Can a professional chime in and tell me about this stuff, like is it harmful? Are there laws about this stuff? Does it have to be removed? Can you just spray insulation over top?


----------



## Windows on Wash (Aug 30, 2011)

It isn't toxic in the classic sense (i.e. poison), but it is (when disturbed) and inhalation hazard. 

When you say between floor studs, do you mean that it is in the attic and under the attic flooring? 

Depending on the square footage, it can be abated by a professional and may not be that expensive. 
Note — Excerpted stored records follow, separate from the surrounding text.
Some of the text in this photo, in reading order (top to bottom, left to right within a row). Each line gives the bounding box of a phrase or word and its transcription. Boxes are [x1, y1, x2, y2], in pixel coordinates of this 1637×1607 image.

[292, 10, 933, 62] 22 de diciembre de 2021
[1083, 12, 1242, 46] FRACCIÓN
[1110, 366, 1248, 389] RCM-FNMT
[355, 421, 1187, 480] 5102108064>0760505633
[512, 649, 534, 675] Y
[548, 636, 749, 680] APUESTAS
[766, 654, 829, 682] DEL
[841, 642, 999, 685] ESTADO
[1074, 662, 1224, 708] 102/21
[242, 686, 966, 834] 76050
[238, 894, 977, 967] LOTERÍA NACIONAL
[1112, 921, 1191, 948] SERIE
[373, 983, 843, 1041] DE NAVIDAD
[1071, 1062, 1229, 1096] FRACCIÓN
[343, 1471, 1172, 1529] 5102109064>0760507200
I would get some quotes so that you are covered as well and if you want to sell the home, maybe share in the expense of the abatement.


----------



## mayhem69 (Aug 1, 2008)

Windows on Wash said:


> It isn't toxic in the classic sense (i.e. poison), but it is (when disturbed) and inhalation hazard.
> 
> When you say between floor studs, do you mean that it is in the attic and under the attic flooring?
> 
> ...


Hi, thanks for helping, i dont know it might be under the attic flooring? but along the sides of the attic there is no floor, its open, and thats where you can see it.
Does it have to be removed though? Can insulation just be sprayed over top of it?


----------



## Windows on Wash (Aug 30, 2011)

You should remove it. You are not supposed to disturb it and blowing insulation on it does that in my opinion.


----------



## mako1 (Jan 7, 2014)

You can go to any garden center ,home depot,lowes , menards and buy bags of it.It is used in potting soil that is sold at Wal Mart,K Mart ,grocery stores.drug stores anywhere stores.I doubt that it is anywhere more dangerous than the coffee you drank this morning that was probably growing next to an opium field in Columbia sprayed with toxic chemicals by the DEA?


----------



## randlefactor (Dec 1, 2012)

We bought our 1830's house knowing that it has vermiculite in the attic. After doing some electrical and paint work, I found it above the kitchenette in a sealed attic space and some that had trickled down on the inside of the exterior walls. Unfortunately the testing can only be trusted if positive. If negative, you can't be sure that asbestos isn't present in a pile of it 1 foot away. That's why you're supposed to leave it alone even if it tests negative. The government website suggests it's more dangerous to remove it than to leave it. I really wish my house didn't have it because there's a lot of work I can't do without disturbing it. I'm so paranoid I haven't opened the attic access door in 3 years. Next house I buy I'm bringing my camera probe and checking the insulation in all the walls and ceilings.


----------



## mayhem69 (Aug 1, 2008)

mako1 said:


> You can go to any garden center ,home depot,lowes , menards and buy bags of it.It is used in potting soil that is sold at Wal Mart,K Mart ,grocery stores.drug stores anywhere stores.I doubt that it is anywhere more dangerous than the coffee you drank this morning that was probably growing next to an opium field in Columbia sprayed with toxic chemicals by the DEA?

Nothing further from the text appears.